● Annotated photo localization data
§ §
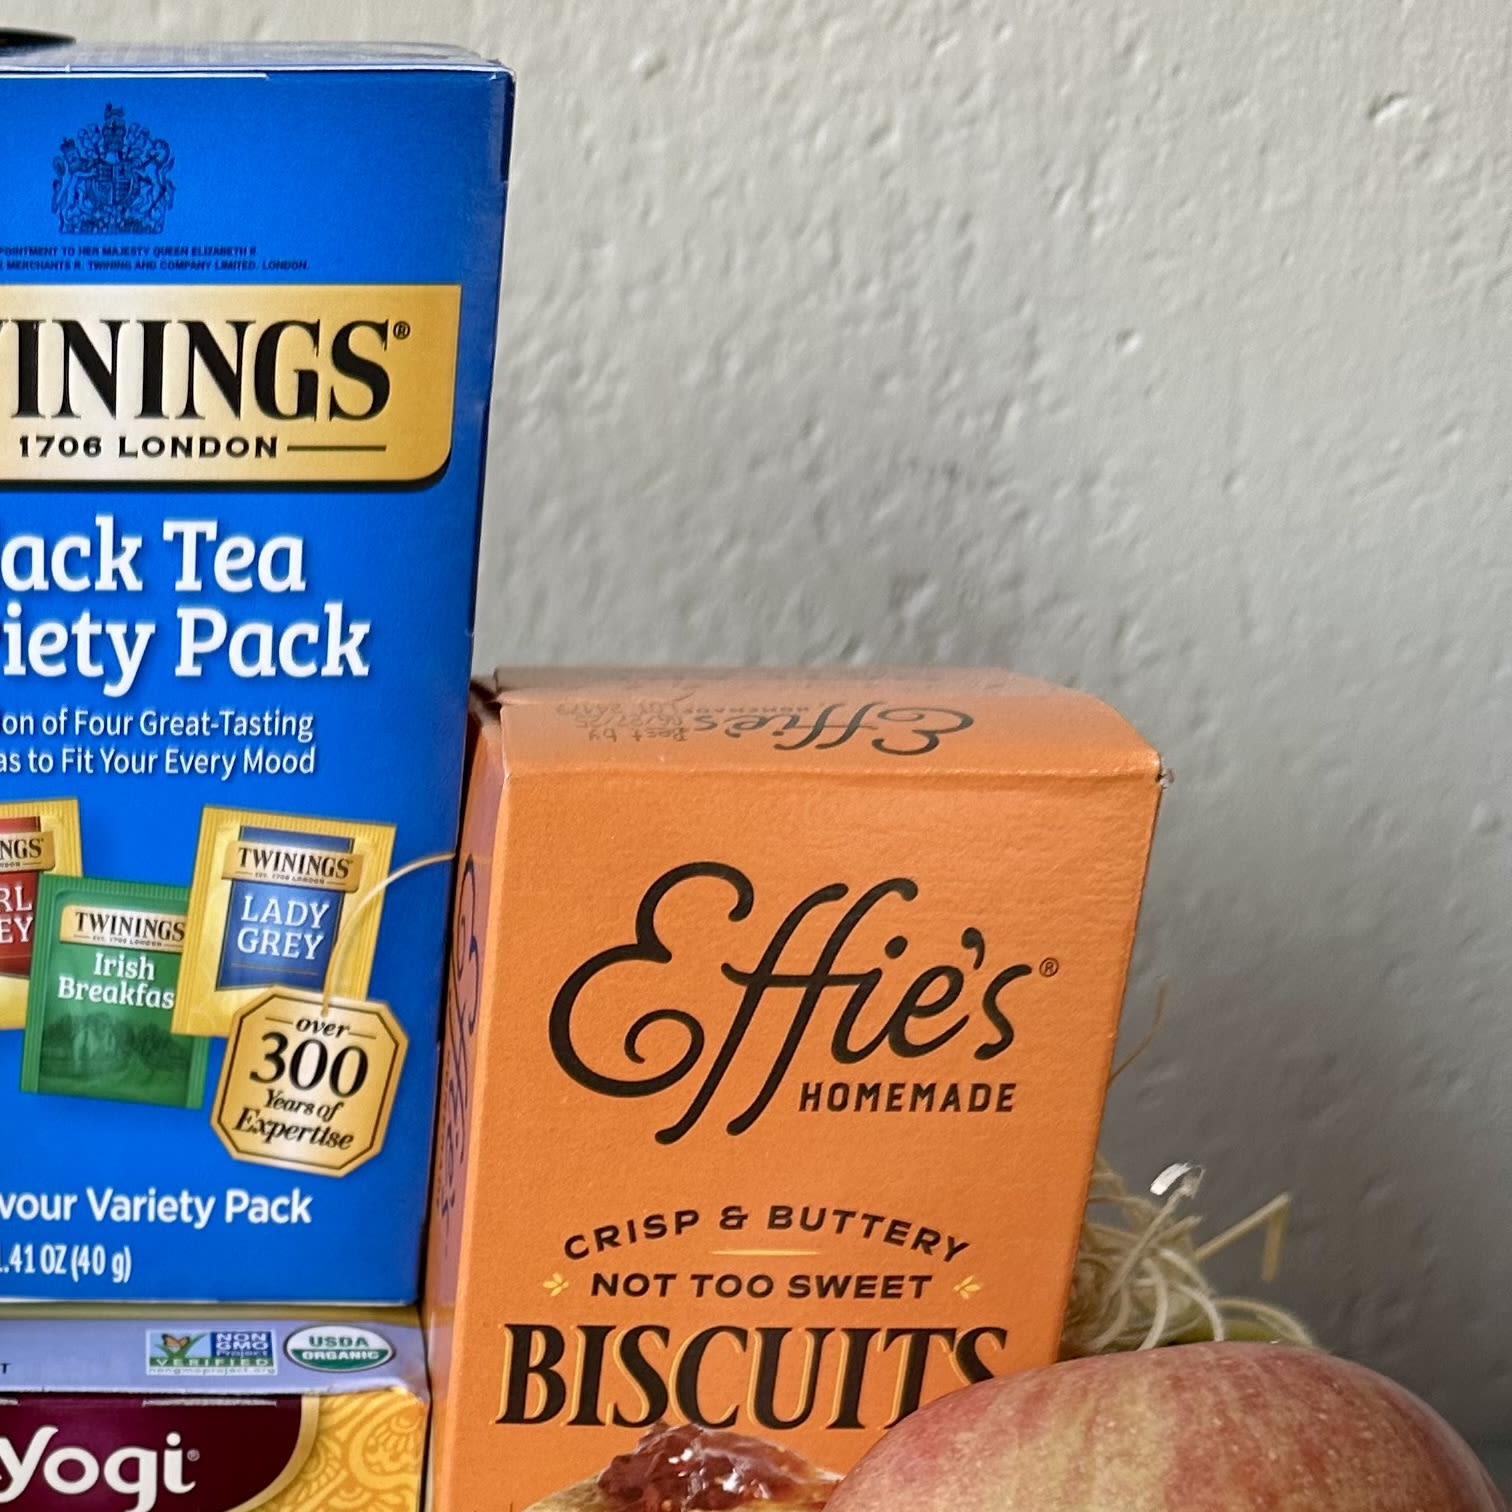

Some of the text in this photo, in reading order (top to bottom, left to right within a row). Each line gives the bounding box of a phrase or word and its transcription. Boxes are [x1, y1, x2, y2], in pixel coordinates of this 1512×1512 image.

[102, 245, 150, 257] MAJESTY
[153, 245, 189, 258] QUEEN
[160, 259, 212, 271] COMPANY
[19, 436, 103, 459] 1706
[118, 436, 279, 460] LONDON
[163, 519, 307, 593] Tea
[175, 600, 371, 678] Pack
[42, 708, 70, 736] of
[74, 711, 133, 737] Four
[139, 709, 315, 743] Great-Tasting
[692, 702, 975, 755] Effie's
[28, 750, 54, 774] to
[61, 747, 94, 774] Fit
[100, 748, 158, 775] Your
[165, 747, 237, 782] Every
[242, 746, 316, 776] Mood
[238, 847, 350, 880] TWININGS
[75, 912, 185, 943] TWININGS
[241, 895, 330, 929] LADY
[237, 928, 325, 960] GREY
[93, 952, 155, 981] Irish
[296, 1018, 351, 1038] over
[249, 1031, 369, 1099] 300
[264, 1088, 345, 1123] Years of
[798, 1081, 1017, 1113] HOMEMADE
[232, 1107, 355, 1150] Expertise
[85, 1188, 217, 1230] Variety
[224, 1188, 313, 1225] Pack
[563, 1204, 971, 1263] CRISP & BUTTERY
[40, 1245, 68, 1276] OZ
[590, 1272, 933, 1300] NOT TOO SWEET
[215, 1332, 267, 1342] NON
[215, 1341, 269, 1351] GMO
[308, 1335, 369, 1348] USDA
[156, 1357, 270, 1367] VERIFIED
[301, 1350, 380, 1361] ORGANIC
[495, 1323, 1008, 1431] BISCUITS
§ §
● What is being asked
Copy out the entries verbatim and leave the images out.

● Answer to this problem
Some of the text in this photo, in reading order (top to bottom, left to right within a row). Each line gives the bounding box of a phrase or word and its transcription. Boxes are [x1, y1, x2, y2], in pixel coordinates of this 1512×1512 image.

[102, 245, 150, 257] MAJESTY
[153, 245, 189, 258] QUEEN
[160, 259, 212, 271] COMPANY
[19, 436, 103, 459] 1706
[118, 436, 279, 460] LONDON
[163, 519, 307, 593] Tea
[175, 600, 371, 678] Pack
[42, 708, 70, 736] of
[74, 711, 133, 737] Four
[139, 709, 315, 743] Great-Tasting
[692, 702, 975, 755] Effie's
[28, 750, 54, 774] to
[61, 747, 94, 774] Fit
[100, 748, 158, 775] Your
[165, 747, 237, 782] Every
[242, 746, 316, 776] Mood
[238, 847, 350, 880] TWININGS
[75, 912, 185, 943] TWININGS
[241, 895, 330, 929] LADY
[237, 928, 325, 960] GREY
[93, 952, 155, 981] Irish
[296, 1018, 351, 1038] over
[249, 1031, 369, 1099] 300
[264, 1088, 345, 1123] Years of
[798, 1081, 1017, 1113] HOMEMADE
[232, 1107, 355, 1150] Expertise
[85, 1188, 217, 1230] Variety
[224, 1188, 313, 1225] Pack
[563, 1204, 971, 1263] CRISP & BUTTERY
[40, 1245, 68, 1276] OZ
[590, 1272, 933, 1300] NOT TOO SWEET
[215, 1332, 267, 1342] NON
[215, 1341, 269, 1351] GMO
[308, 1335, 369, 1348] USDA
[156, 1357, 270, 1367] VERIFIED
[301, 1350, 380, 1361] ORGANIC
[495, 1323, 1008, 1431] BISCUITS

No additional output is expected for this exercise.